What needs to be done:
Beginning at whichever line contains "this 1920×730 image.", reproduce each line of the records below word for word, ending with the last, and add nothing.

# # # #

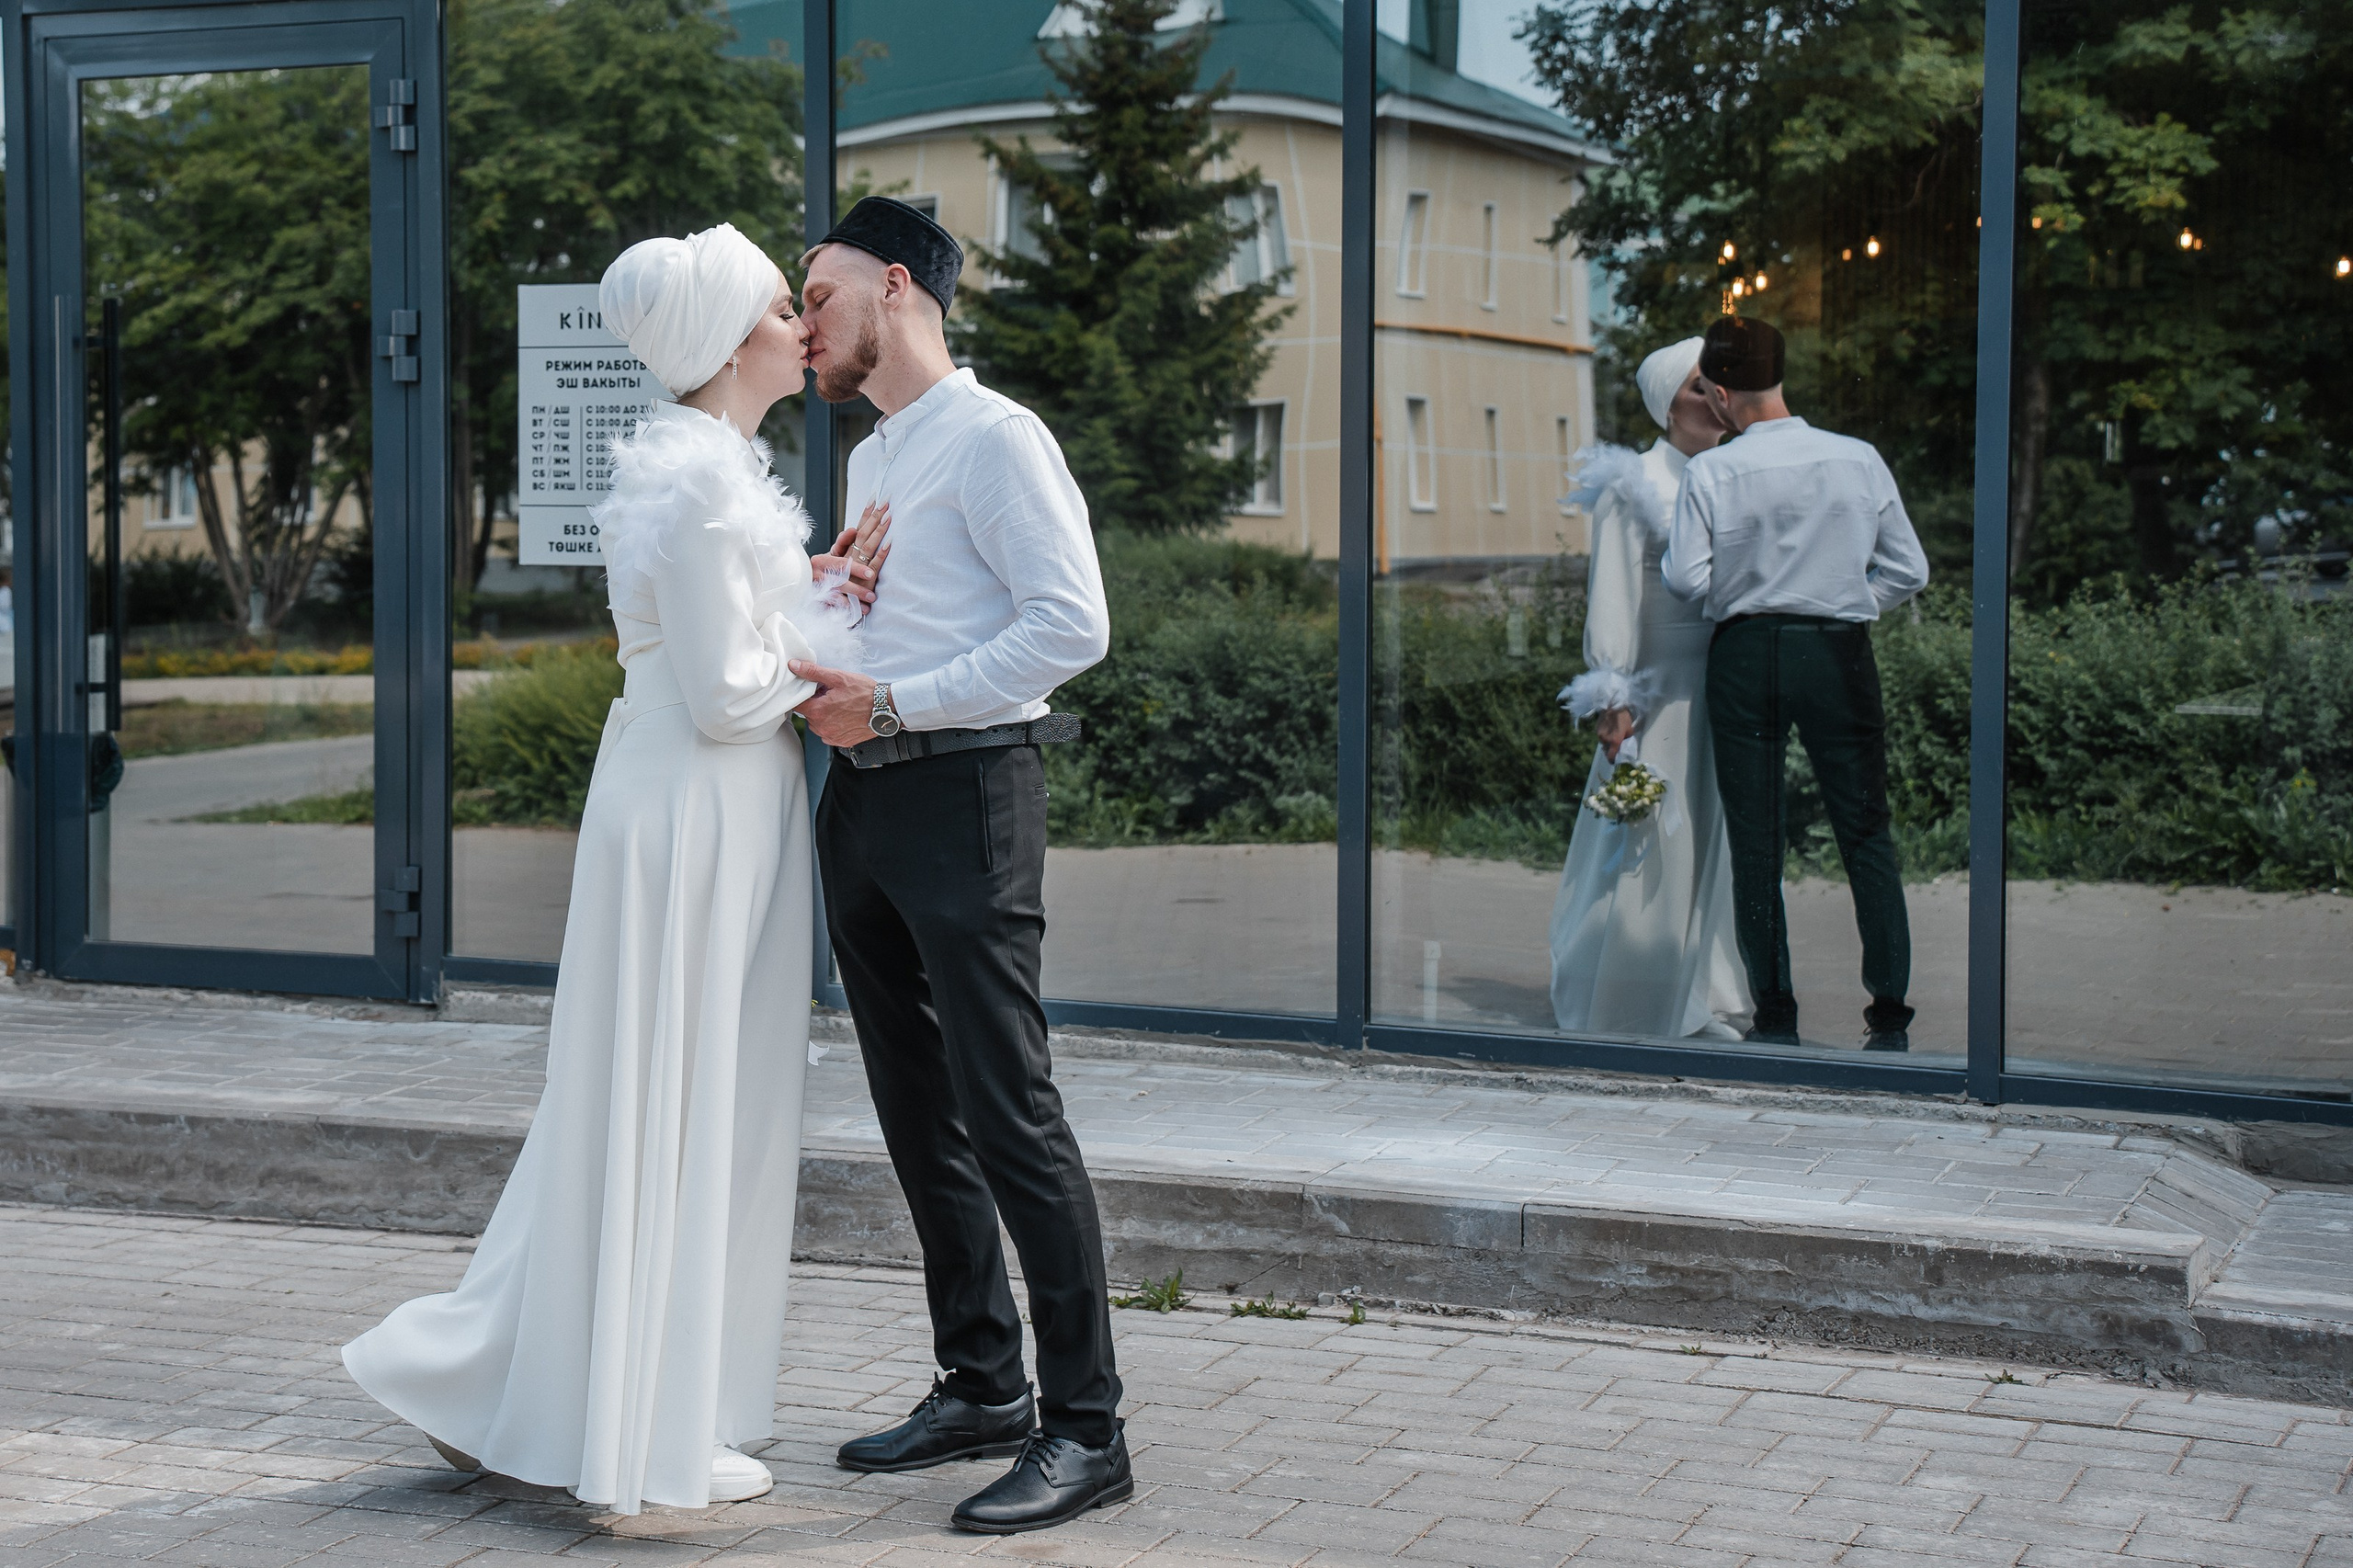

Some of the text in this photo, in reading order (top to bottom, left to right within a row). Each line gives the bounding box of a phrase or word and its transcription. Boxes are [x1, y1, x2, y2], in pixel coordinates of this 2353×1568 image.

[560, 306, 601, 330] KÎN
[546, 359, 592, 371] РЕЖИМ
[556, 377, 641, 389] ЭШ ВАКЫТЫ
[563, 524, 586, 535] БЕЗ
[549, 540, 593, 552] ТӨШКЕ
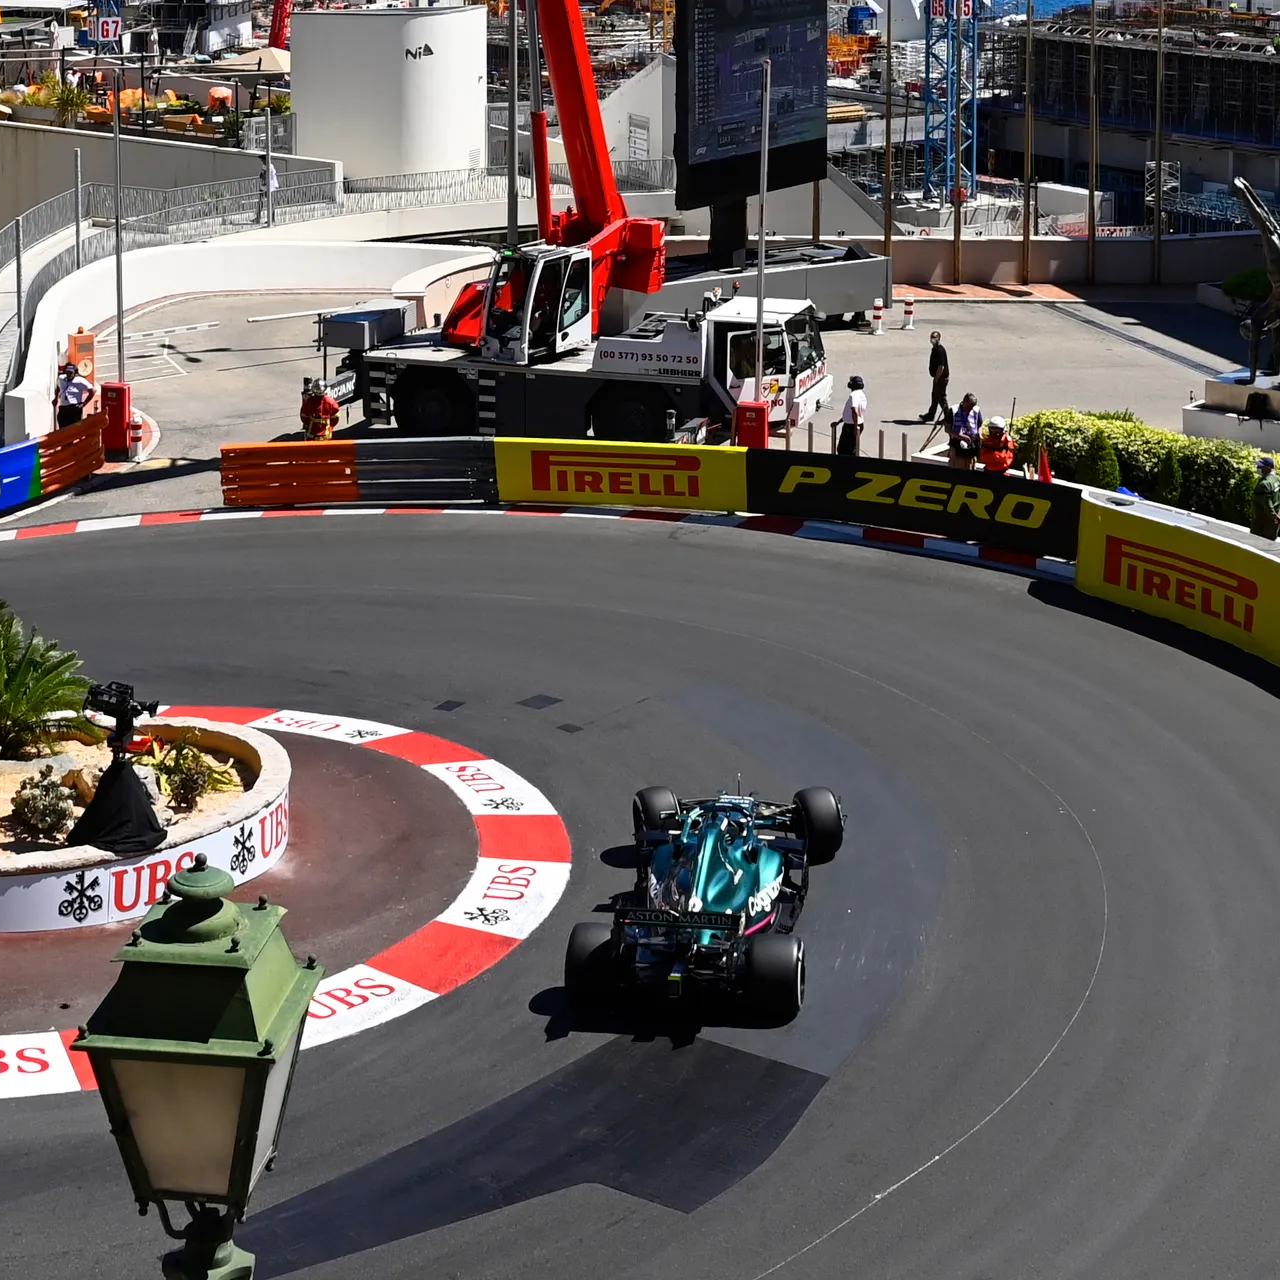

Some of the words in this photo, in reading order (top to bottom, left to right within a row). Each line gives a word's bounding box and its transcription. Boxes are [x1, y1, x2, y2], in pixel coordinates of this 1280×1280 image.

[599, 350, 615, 361] (00
[617, 351, 639, 362] 377)
[641, 353, 653, 362] 93
[656, 353, 669, 363] 50
[671, 354, 683, 363] 72
[686, 355, 699, 365] 50
[658, 367, 701, 377] LIEBHERR
[530, 450, 701, 497] PIRELLI
[778, 466, 842, 494] P
[845, 471, 1052, 528] ZERO
[1103, 535, 1259, 633] PIRELLI
[273, 716, 340, 732] UBS
[445, 765, 505, 794] UBS
[482, 863, 537, 901] UBS
[627, 910, 676, 922] ASTON
[677, 913, 732, 925] MARTIN
[307, 977, 396, 1020] UBS
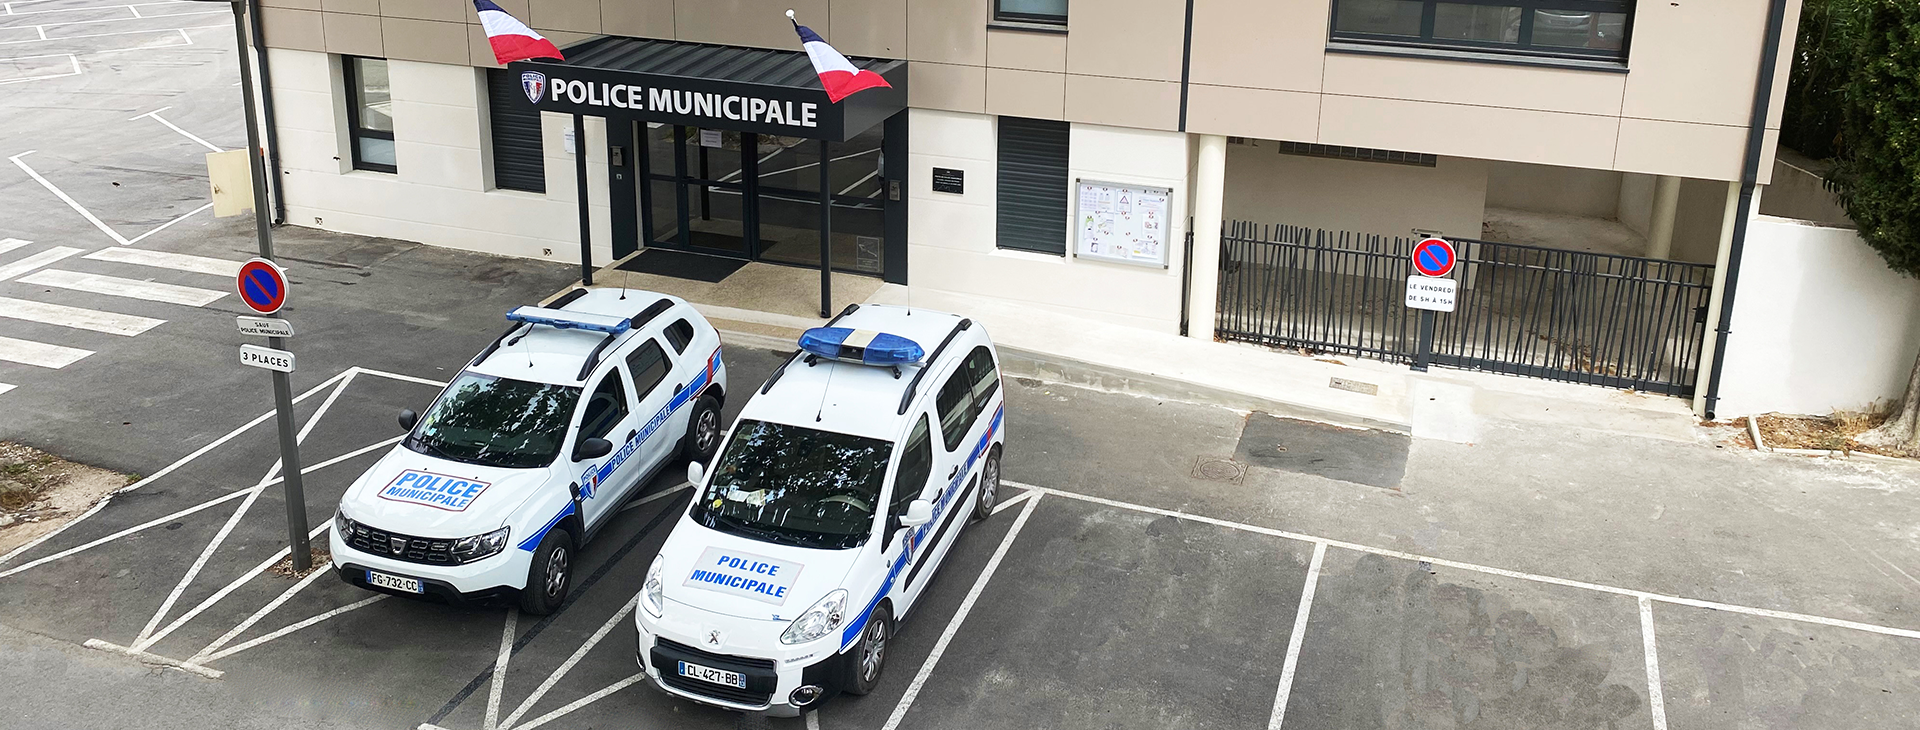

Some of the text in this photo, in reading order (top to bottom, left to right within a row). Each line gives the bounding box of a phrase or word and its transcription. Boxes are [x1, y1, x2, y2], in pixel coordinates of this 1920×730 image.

[551, 78, 818, 127] POLICE MUNICIPALE
[243, 352, 288, 367] 3 PLACES
[611, 405, 670, 470] POLICE MUNICIPALE
[396, 472, 483, 498] POLICE
[386, 486, 469, 508] MUNICIPALE
[717, 555, 780, 577] POLICE
[371, 573, 418, 591] FG-732-CC
[690, 569, 787, 598] MUNICIPALE
[687, 664, 738, 685] CL-427-BB

# # # #

Solution for this problem:
Some of the text in this photo, in reading order (top to bottom, left to right within a row). Each line gives the bounding box of a phrase or word and its transcription. Boxes are [x1, y1, x2, y2], in pixel coordinates of this 1920×730 image.

[551, 78, 818, 127] POLICE MUNICIPALE
[243, 352, 288, 367] 3 PLACES
[611, 405, 670, 470] POLICE MUNICIPALE
[396, 472, 483, 498] POLICE
[386, 486, 469, 508] MUNICIPALE
[717, 555, 780, 577] POLICE
[371, 573, 418, 591] FG-732-CC
[690, 569, 787, 598] MUNICIPALE
[687, 664, 738, 685] CL-427-BB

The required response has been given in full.